• [What you have to do] Without the pictures, write out all the lines below exactly as they appear.

(Saved entries)
= Beginning of Section =

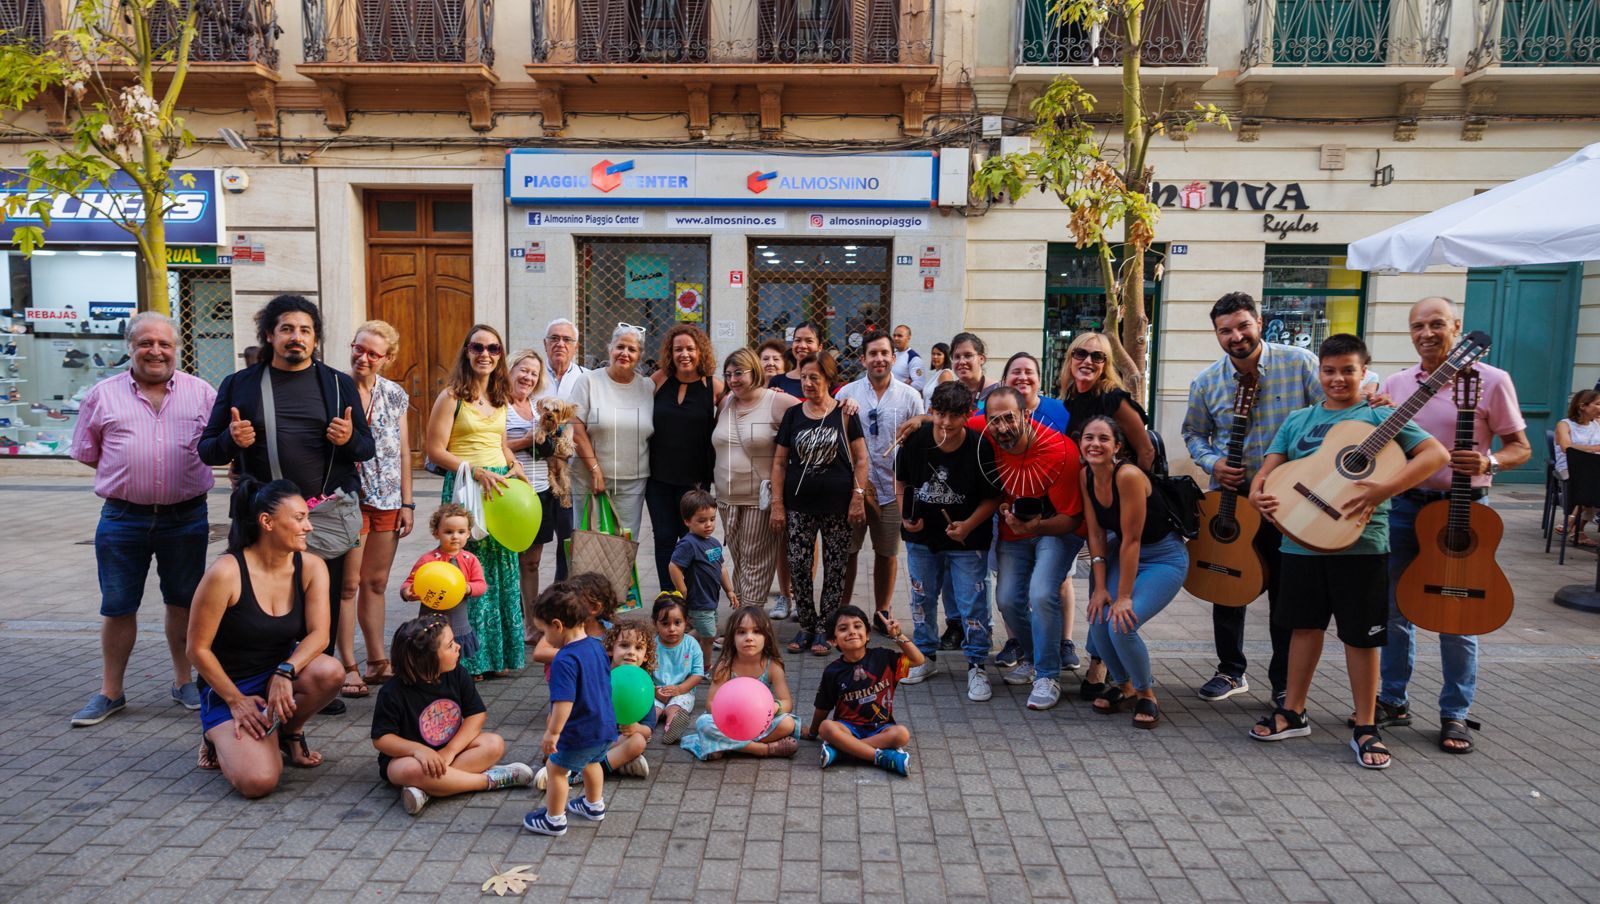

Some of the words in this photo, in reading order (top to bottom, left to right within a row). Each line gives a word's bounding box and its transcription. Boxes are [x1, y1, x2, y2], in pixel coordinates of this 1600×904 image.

[524, 175, 588, 188] PIAGGIO
[623, 175, 688, 188] CENTER
[779, 176, 879, 190] ALMOSNINO
[544, 214, 583, 224] Almosnino
[585, 214, 613, 226] Piaggio
[615, 214, 639, 224] Center
[676, 215, 776, 225] www.almosnino.es
[829, 216, 922, 228] almosninopiaggio
[1263, 213, 1319, 240] Regalos
[27, 310, 78, 320] REBAJAS
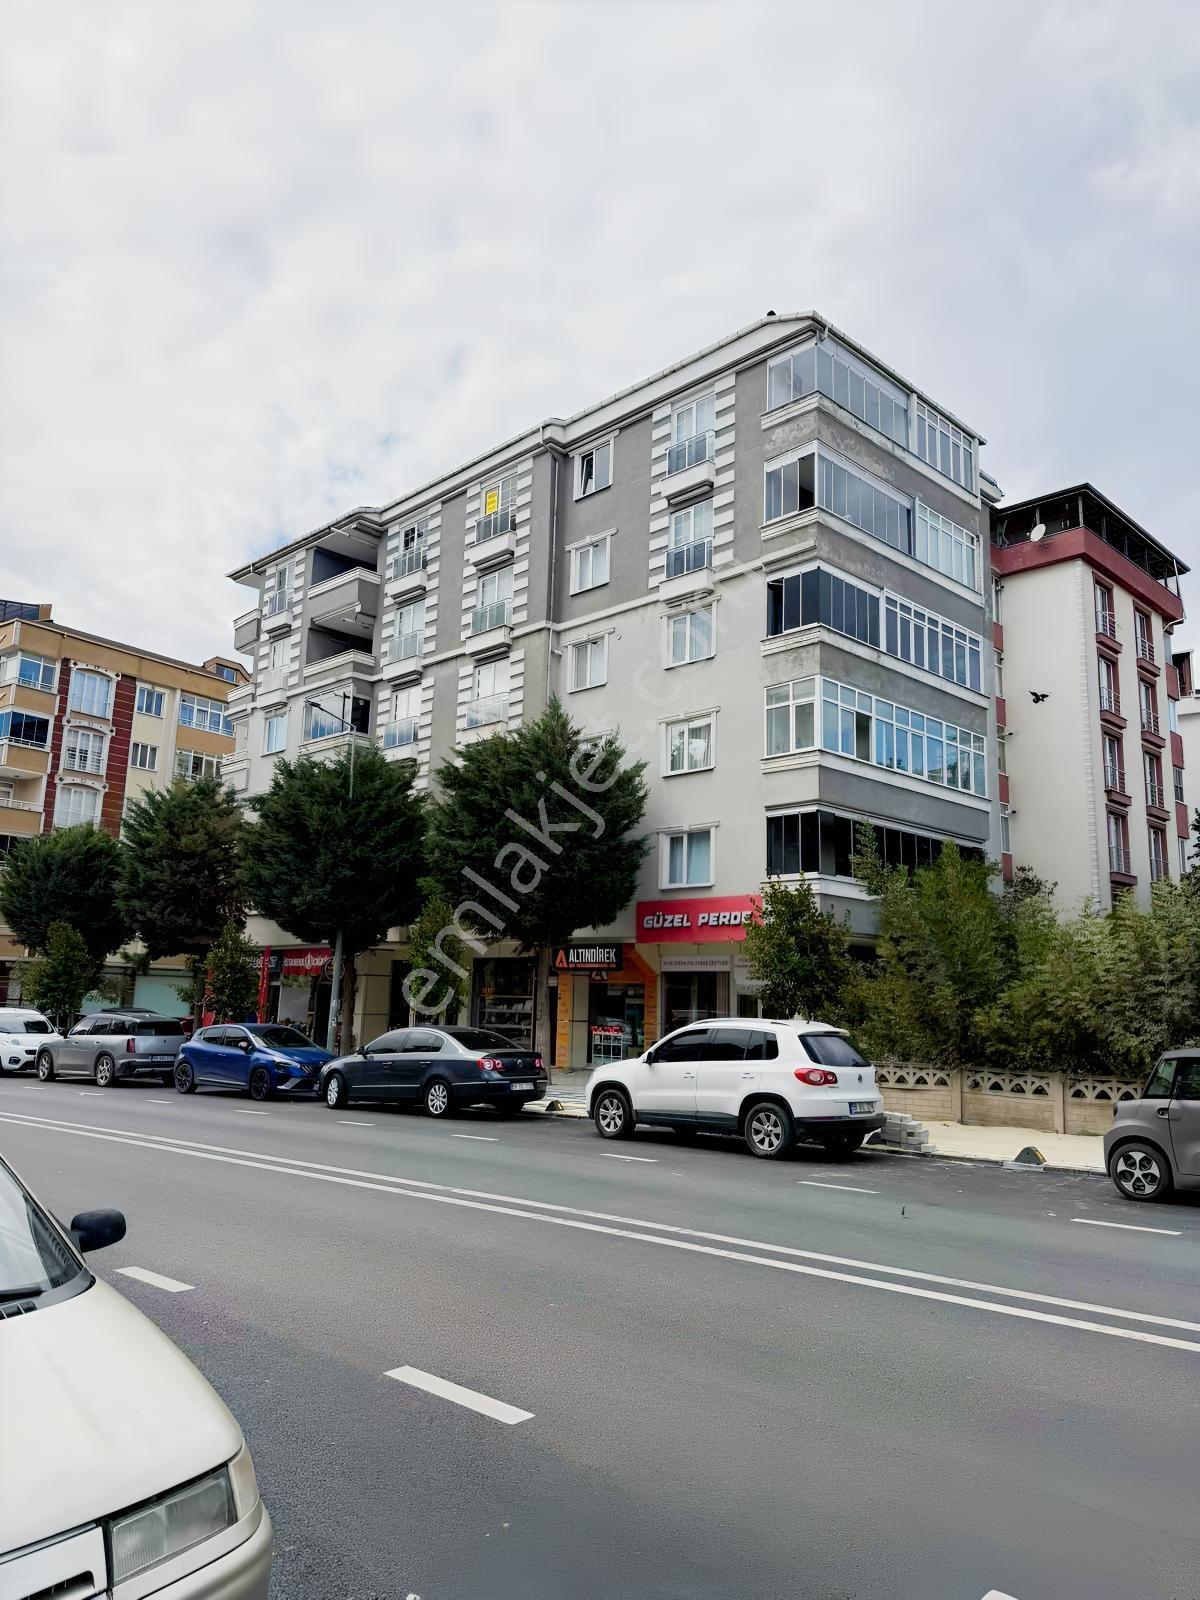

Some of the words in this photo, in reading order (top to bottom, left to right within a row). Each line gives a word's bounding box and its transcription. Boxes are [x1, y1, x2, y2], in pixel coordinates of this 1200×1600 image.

[643, 912, 691, 929] GÜZEL
[698, 910, 752, 927] PERDE
[568, 946, 616, 963] ALTINDİREK
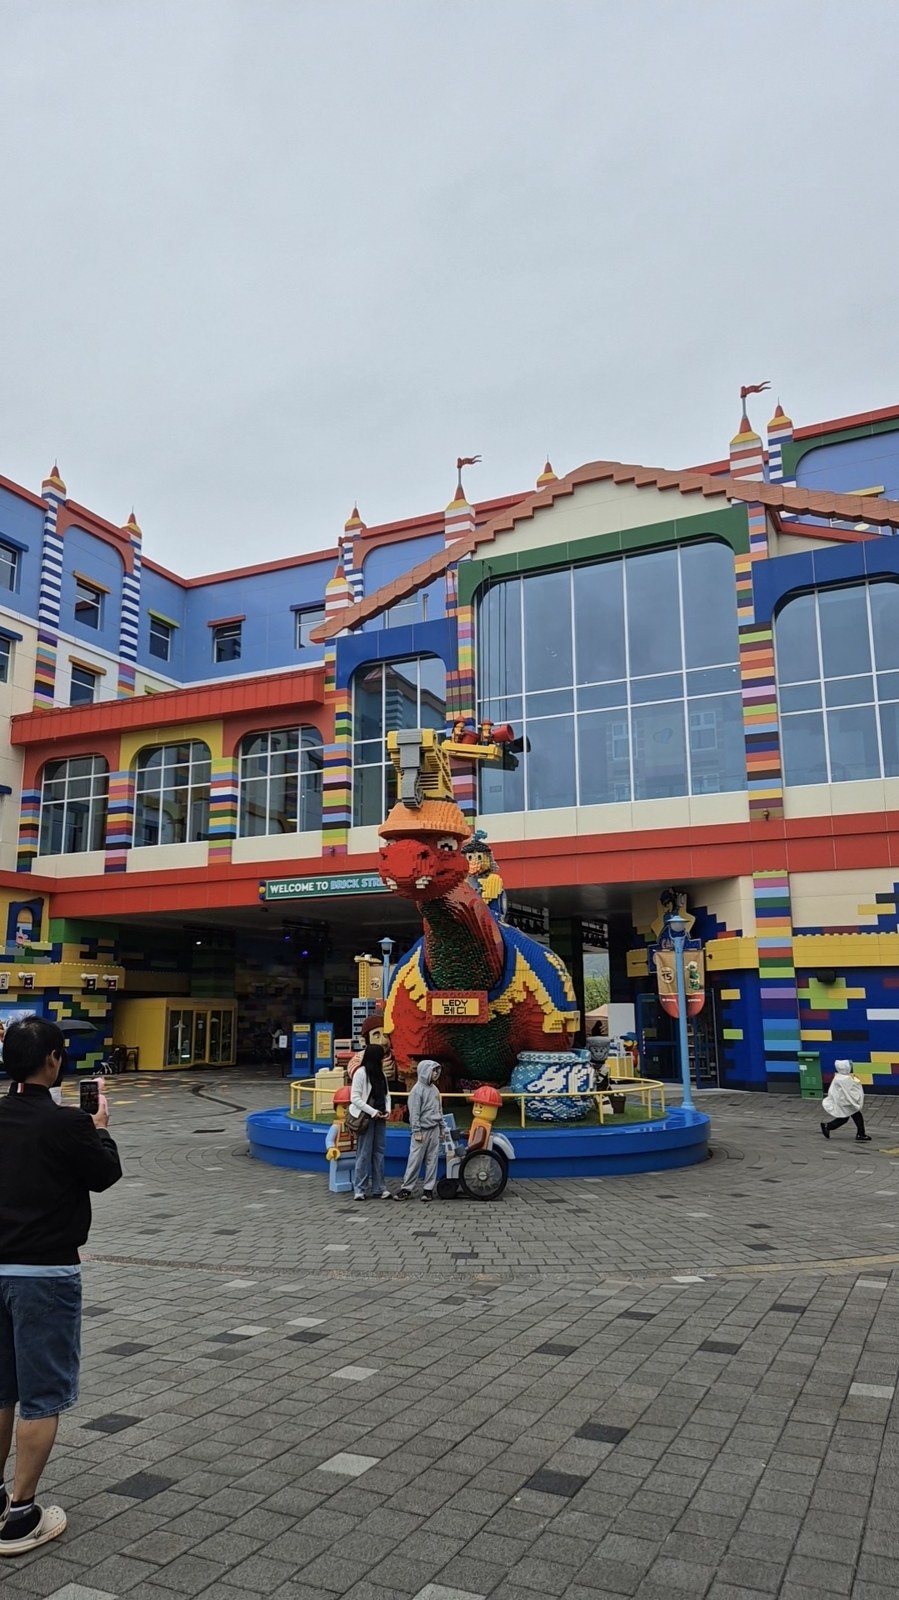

= End of Section =

• [Task output]
Some of the words in this photo, in reading order (top to bottom, left to right within a row). Each line gives a word's bounding box and its transcription. Boxes are [x1, y1, x2, y2], in pixel coordinates of this 1600×904 image.

[524, 175, 588, 188] PIAGGIO
[623, 175, 688, 188] CENTER
[779, 176, 879, 190] ALMOSNINO
[544, 214, 583, 224] Almosnino
[585, 214, 613, 226] Piaggio
[615, 214, 639, 224] Center
[676, 215, 776, 225] www.almosnino.es
[829, 216, 922, 228] almosninopiaggio
[1263, 213, 1319, 240] Regalos
[27, 310, 78, 320] REBAJAS

Some of the words in this photo, in reading order (top to bottom, left to right within a row). Each line gives a word's bounding box and its transcription. Boxes are [x1, y1, x2, y2], in pixel coordinates of this 1200×1600 image.

[643, 912, 691, 929] GÜZEL
[698, 910, 752, 927] PERDE
[568, 946, 616, 963] ALTINDİREK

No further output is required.